▸ **Exercise**
The records below must be retyped exactly.

▸ **Data**
****************
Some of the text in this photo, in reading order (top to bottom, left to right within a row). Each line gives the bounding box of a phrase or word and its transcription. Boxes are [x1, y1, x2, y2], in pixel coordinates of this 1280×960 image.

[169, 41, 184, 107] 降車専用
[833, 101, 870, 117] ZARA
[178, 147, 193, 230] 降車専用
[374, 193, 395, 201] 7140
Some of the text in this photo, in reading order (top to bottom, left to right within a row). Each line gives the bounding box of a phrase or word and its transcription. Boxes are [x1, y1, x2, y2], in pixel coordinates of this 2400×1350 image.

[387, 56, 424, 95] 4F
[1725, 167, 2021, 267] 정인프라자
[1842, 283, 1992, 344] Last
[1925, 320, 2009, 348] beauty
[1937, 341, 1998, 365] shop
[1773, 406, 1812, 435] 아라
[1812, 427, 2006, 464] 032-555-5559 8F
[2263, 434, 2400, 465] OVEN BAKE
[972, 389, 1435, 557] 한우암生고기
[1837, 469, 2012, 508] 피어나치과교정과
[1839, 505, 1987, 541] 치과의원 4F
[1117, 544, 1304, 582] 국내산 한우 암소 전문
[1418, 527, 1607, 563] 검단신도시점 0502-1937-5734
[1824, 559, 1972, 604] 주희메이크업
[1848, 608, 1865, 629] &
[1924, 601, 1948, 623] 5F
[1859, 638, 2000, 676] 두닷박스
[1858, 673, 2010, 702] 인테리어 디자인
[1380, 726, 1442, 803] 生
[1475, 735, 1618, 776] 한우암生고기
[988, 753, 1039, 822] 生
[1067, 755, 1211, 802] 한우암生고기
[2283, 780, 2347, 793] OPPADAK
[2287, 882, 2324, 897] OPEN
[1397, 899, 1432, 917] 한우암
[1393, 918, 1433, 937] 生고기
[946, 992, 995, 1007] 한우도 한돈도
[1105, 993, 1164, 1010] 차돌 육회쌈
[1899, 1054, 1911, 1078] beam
****************
▸ **Task answer**
Some of the text in this photo, in reading order (top to bottom, left to right within a row). Each line gives the bounding box of a phrase or word and its transcription. Boxes are [x1, y1, x2, y2], in pixel coordinates of this 1280×960 image.

[169, 41, 184, 107] 降車専用
[833, 101, 870, 117] ZARA
[178, 147, 193, 230] 降車専用
[374, 193, 395, 201] 7140
Some of the text in this photo, in reading order (top to bottom, left to right within a row). Each line gives the bounding box of a phrase or word and its transcription. Boxes are [x1, y1, x2, y2], in pixel coordinates of this 2400×1350 image.

[387, 56, 424, 95] 4F
[1725, 167, 2021, 267] 정인프라자
[1842, 283, 1992, 344] Last
[1925, 320, 2009, 348] beauty
[1937, 341, 1998, 365] shop
[1773, 406, 1812, 435] 아라
[1812, 427, 2006, 464] 032-555-5559 8F
[2263, 434, 2400, 465] OVEN BAKE
[972, 389, 1435, 557] 한우암生고기
[1837, 469, 2012, 508] 피어나치과교정과
[1839, 505, 1987, 541] 치과의원 4F
[1117, 544, 1304, 582] 국내산 한우 암소 전문
[1418, 527, 1607, 563] 검단신도시점 0502-1937-5734
[1824, 559, 1972, 604] 주희메이크업
[1848, 608, 1865, 629] &
[1924, 601, 1948, 623] 5F
[1859, 638, 2000, 676] 두닷박스
[1858, 673, 2010, 702] 인테리어 디자인
[1380, 726, 1442, 803] 生
[1475, 735, 1618, 776] 한우암生고기
[988, 753, 1039, 822] 生
[1067, 755, 1211, 802] 한우암生고기
[2283, 780, 2347, 793] OPPADAK
[2287, 882, 2324, 897] OPEN
[1397, 899, 1432, 917] 한우암
[1393, 918, 1433, 937] 生고기
[946, 992, 995, 1007] 한우도 한돈도
[1105, 993, 1164, 1010] 차돌 육회쌈
[1899, 1054, 1911, 1078] beam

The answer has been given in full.